● **Action item**
The entries below need to be written out exactly, with no pictures included.

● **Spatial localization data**

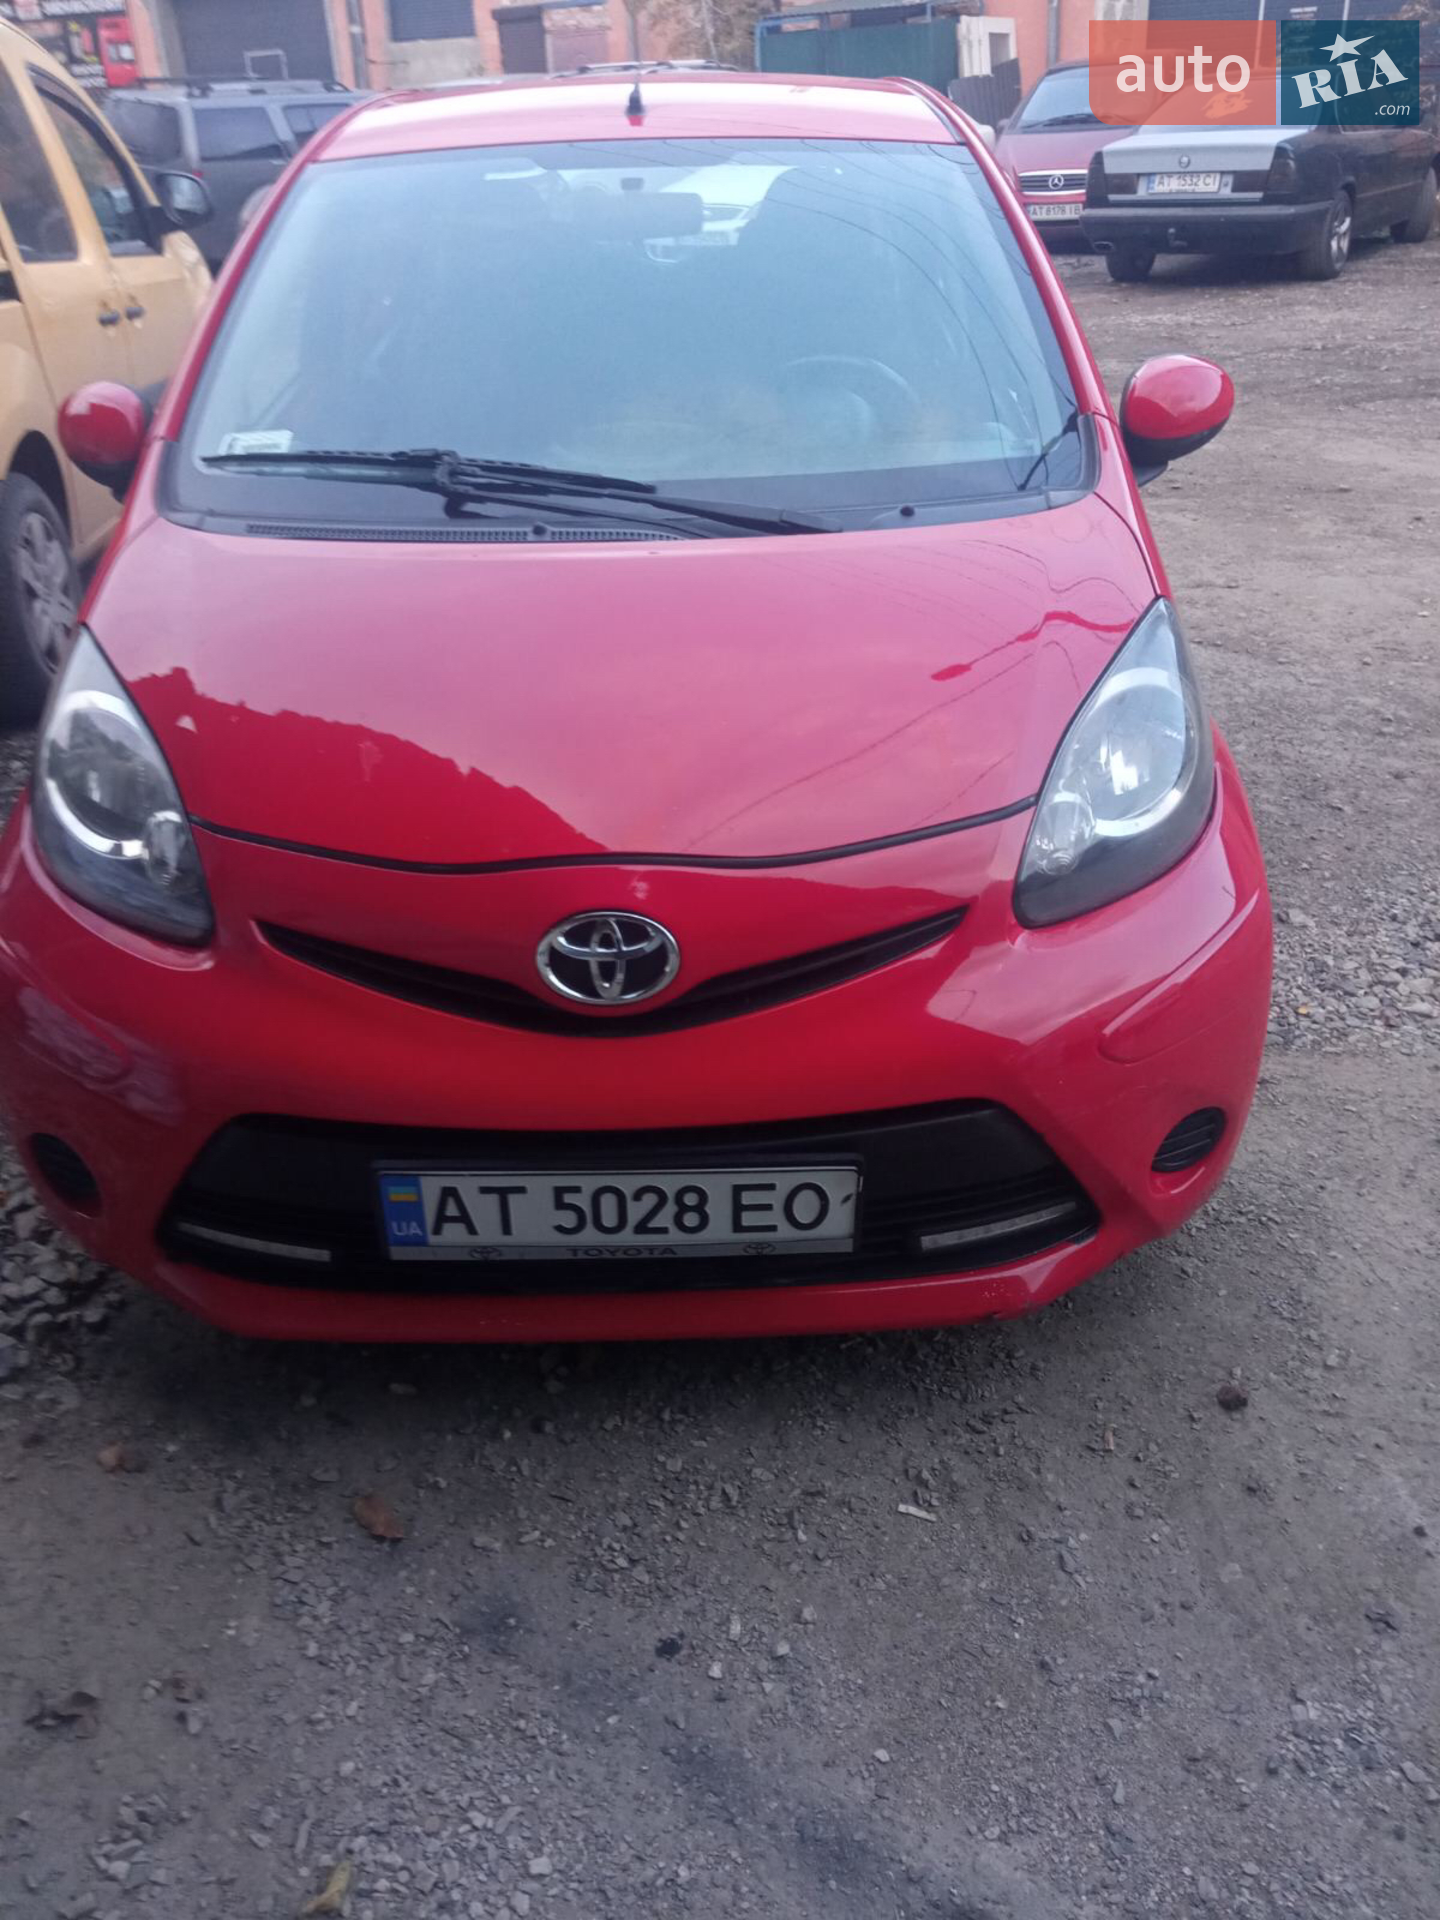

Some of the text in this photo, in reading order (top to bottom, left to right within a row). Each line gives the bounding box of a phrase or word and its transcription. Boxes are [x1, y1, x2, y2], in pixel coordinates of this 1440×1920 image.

[1157, 174, 1173, 187] AT
[431, 1182, 830, 1236] AT 5028 EO
[392, 1221, 424, 1236] UA
[566, 1247, 678, 1258] TOYOTA
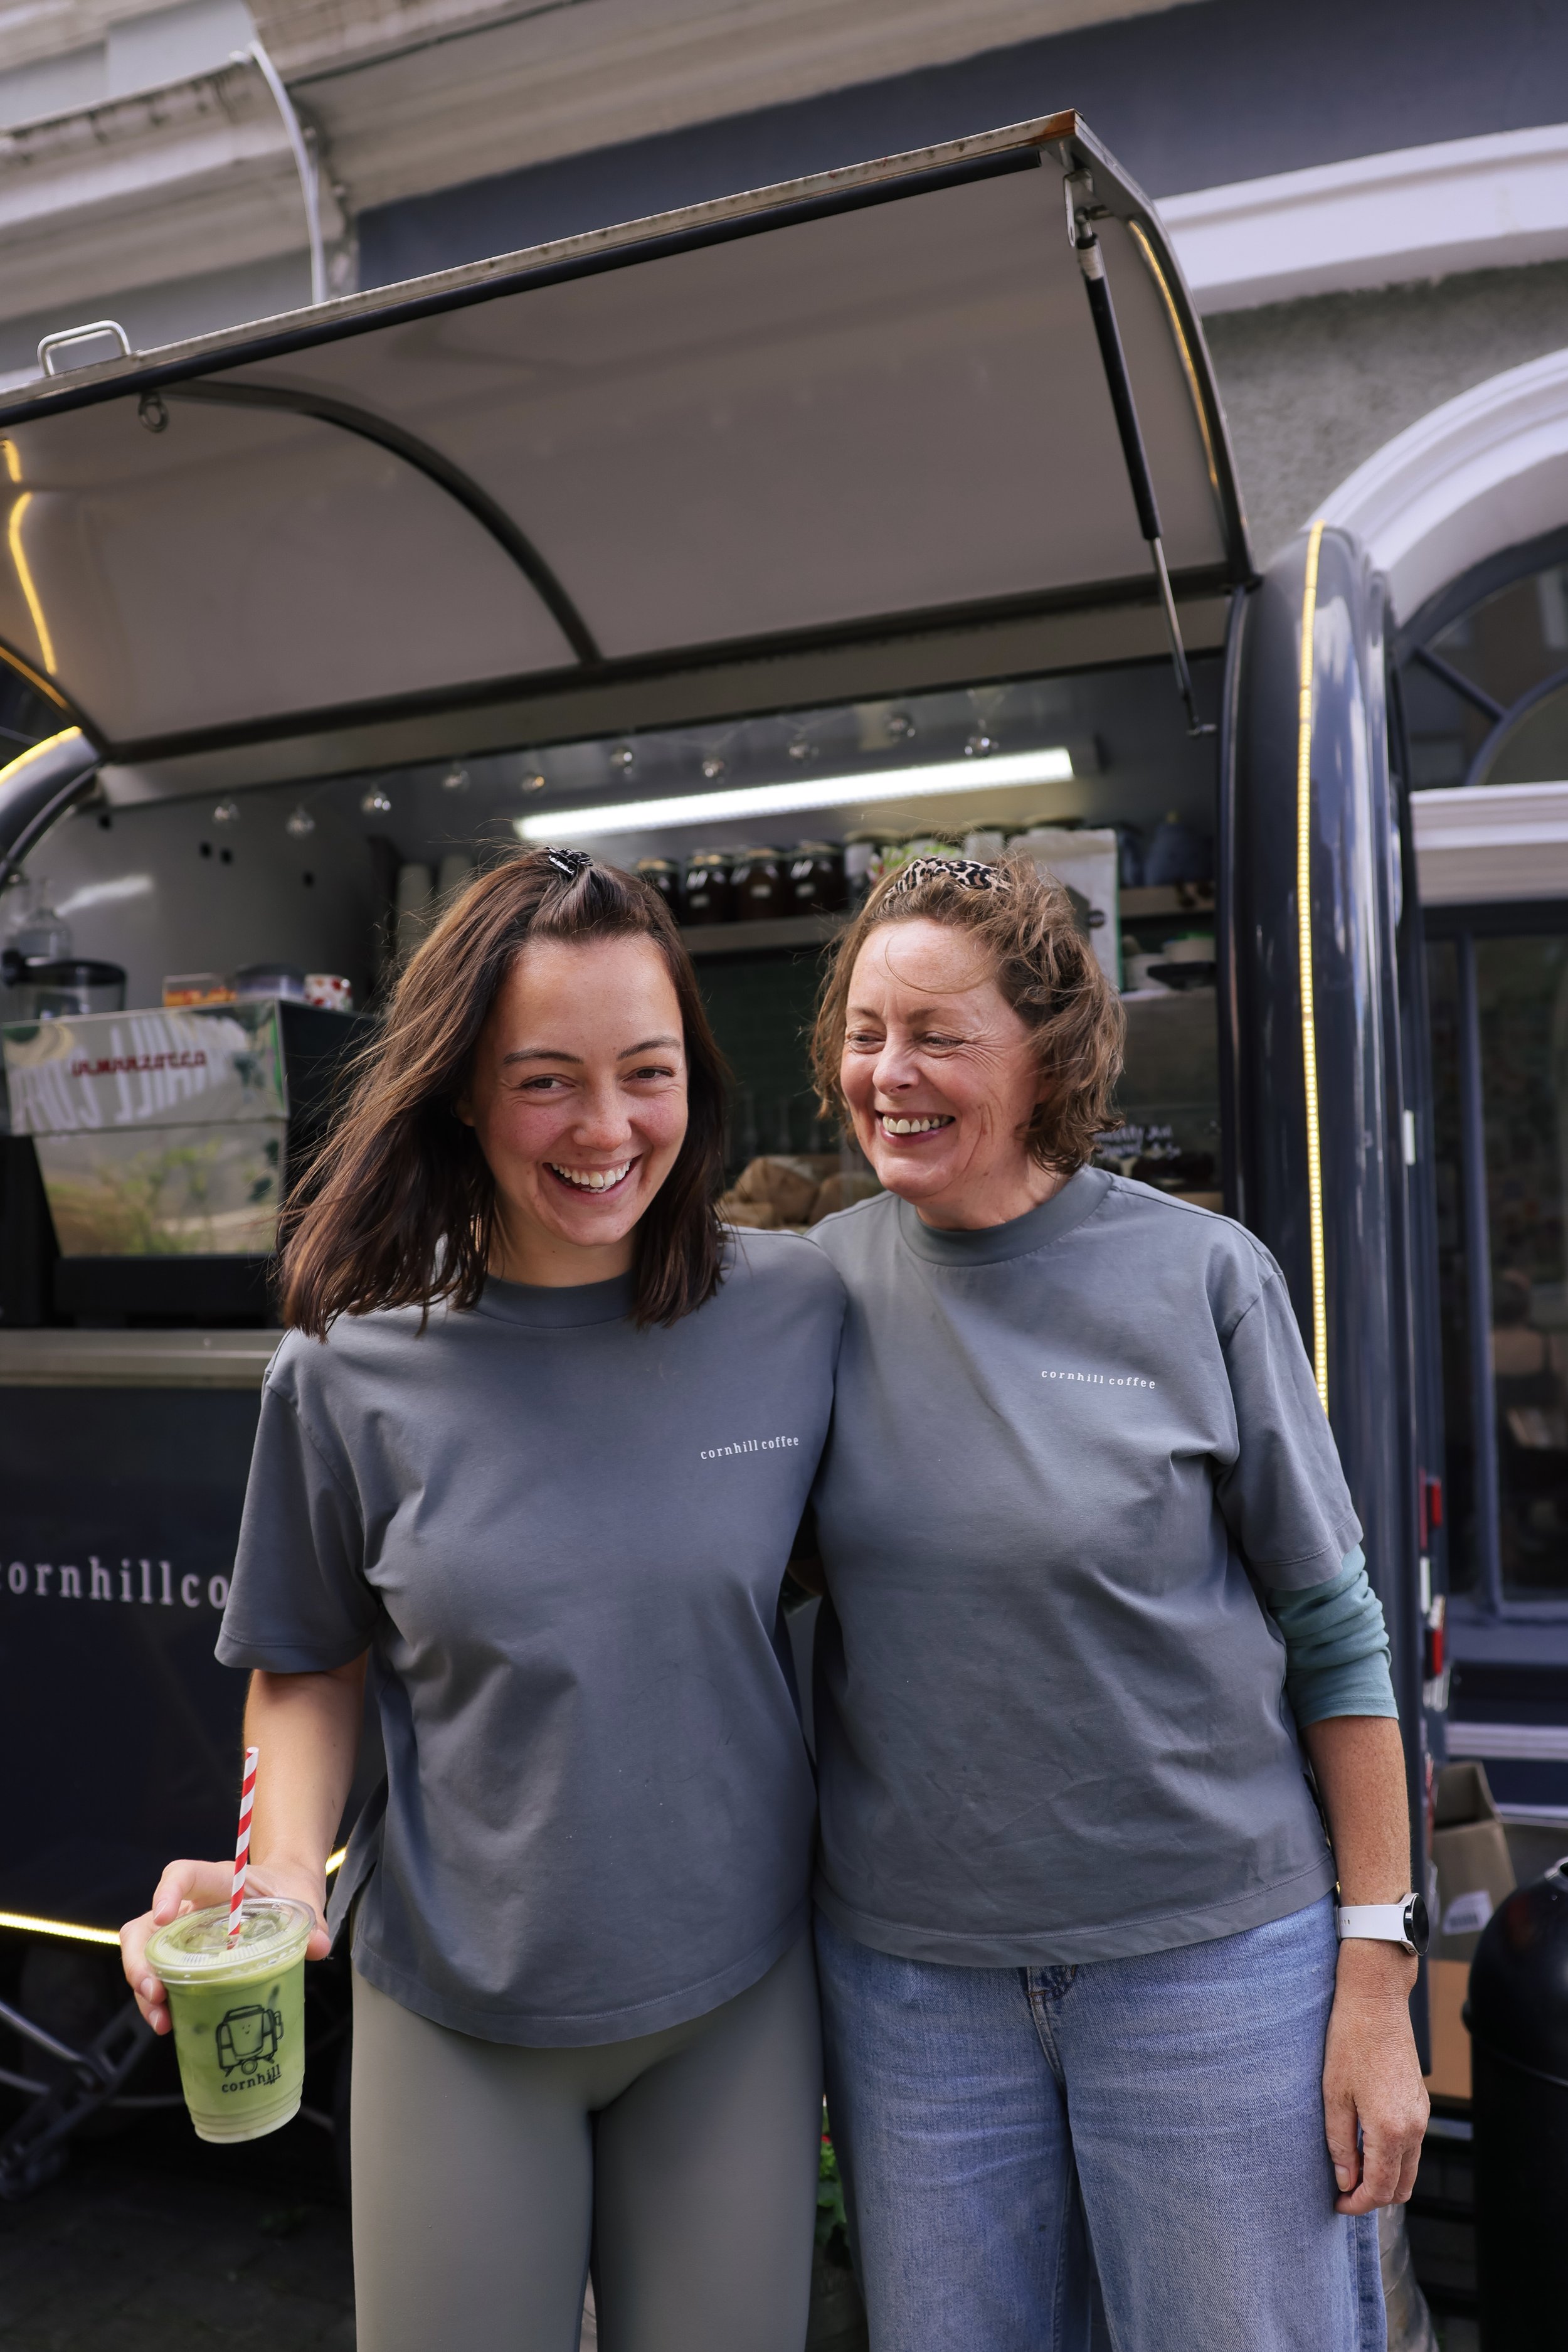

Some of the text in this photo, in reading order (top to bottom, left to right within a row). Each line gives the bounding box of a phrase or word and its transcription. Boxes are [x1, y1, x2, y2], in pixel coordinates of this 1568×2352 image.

[1041, 1370, 1156, 1389] cornhill coffee
[700, 1435, 800, 1460] cornhill coffee
[0, 1556, 230, 1610] ornhillco
[221, 2063, 282, 2093] cornhill

● **Task answer**
Some of the text in this photo, in reading order (top to bottom, left to right within a row). Each line gives the bounding box of a phrase or word and its transcription. Boxes are [x1, y1, x2, y2], in pixel coordinates of this 1440×1920 image.

[1157, 174, 1173, 187] AT
[431, 1182, 830, 1236] AT 5028 EO
[392, 1221, 424, 1236] UA
[566, 1247, 678, 1258] TOYOTA

Some of the text in this photo, in reading order (top to bottom, left to right within a row). Each line gives the bounding box of a phrase or word and its transcription. Boxes are [x1, y1, x2, y2], in pixel coordinates of this 1568×2352 image.

[1041, 1370, 1156, 1389] cornhill coffee
[700, 1435, 800, 1460] cornhill coffee
[0, 1556, 230, 1610] ornhillco
[221, 2063, 282, 2093] cornhill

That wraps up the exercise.